Family: Scrophulariaceae, Figwort
Genus: Mimulus
Synonyms:
Other names: seep monkeyflower
Nomenclature: guttatus = spotted (flowers)
Nativity / Invasiveness: Montana native plant
Edible plant
Medicinal plant
Description

General: annual and fibrous-rooted, or perennial by stout stolons, often rooting at nodes, very variable in stature and vigor, sometimes dwarf and small-leaved, sometimes robust and nearly a meter high, but usually 10-50 cm tall.

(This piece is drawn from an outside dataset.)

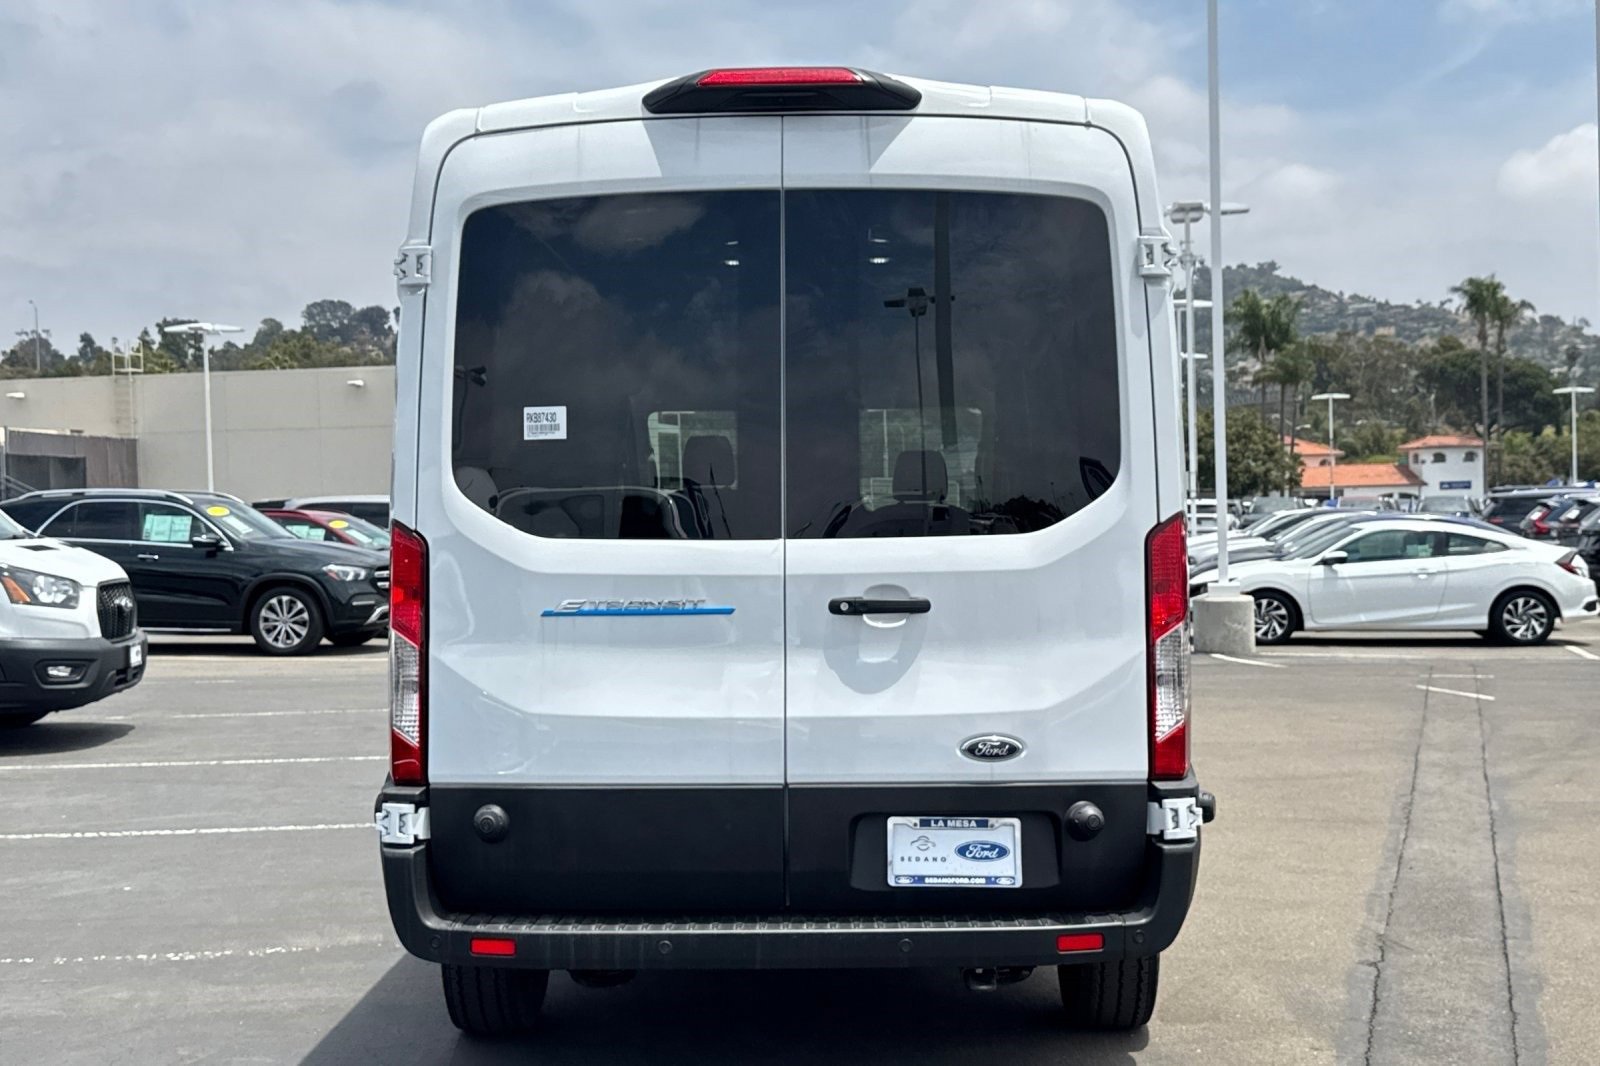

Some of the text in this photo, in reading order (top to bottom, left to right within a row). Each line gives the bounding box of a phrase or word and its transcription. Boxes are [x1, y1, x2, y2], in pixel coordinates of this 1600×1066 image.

[975, 741, 1009, 756] Ford
[931, 819, 977, 828] LA MESA
[965, 843, 998, 859] Ford

Leaves: opposite, 1-5 cm long, irregularly toothed, hairy or hairless, ovate to rounded or reniform to cordate, palmately or sub-palmately veined, the 3-7 main veins all arising at or near the base. Lower leaves stalked, the upper becoming stalkless, those among the flowers reduced, relatively broad, tending to clasp the stem, and sometimes joined at bases.

Flowers: few to several in top clusters, or sometimes solitary in small forms, long-stalked. Calyx enlarging after flowering, irregular, the upper tooth much the largest. Corolla yellow, 2-4 cm long, averaging longer than the flower stalks, strongly 2-lipped, and with flaring throat, dotted or more heavily marked with maroon on or about the well-developed, hairy palate. May-August.

Fruits: capsules, broadly oblong, 1-2 cm long, contained in inflated 'balloons' of fused sepals.


Distribution

In wet places, from the plains to moderate elevations in the mountains, in w. and c. parts of MT. Also in the Rocky Mts. from AK and Yukon to n. Mexico.
Edible Uses

The leaves of yellow monkeyflower were eaten, raw or cooked, by native peoples and early settlers in the Rocky Mountains. They have a slightly bitter flavor, and were mostly added to salads. The leaves were also used as a lettuce substitute and as a salt substitute.



Medicinal Uses

The plant has agents that cause tissue to contract, and was used for healing wounds, fresh cuts, etc., usually used as a poultice. A decoction of the leaves and stems was used by the Kawaiisu as a herbal steam bath for chest and back soreness. The Shoshoni used a poultice of the crushed leaves applied to wounds, rope burns etc. The plant is used in Bach flower remedies - the keywords for prescribing it are 'Fear or anxiety of a known origin'.



Sub taxa:

The commoner forms are more or less robust, mostly 20-80 cm tall, and often stolon-producing, with the leaves well developed (sometimes as much as 8 cm long) and with the mostly several or many flowers rather large, the corolla 2-4 cm long. These represent the var. guttatus. More or less stunted forms, seldom over 30 cm tall, generally without stolons, and with the leaves 0.5-2 cm long and the often fewer flowers only 1-2 cm long, tend to occur in less distinctly wet habitats than var. guttatus, and sometimes bloom very early in the spring. These have been segregated as var. depauperatus (Gray) Grant.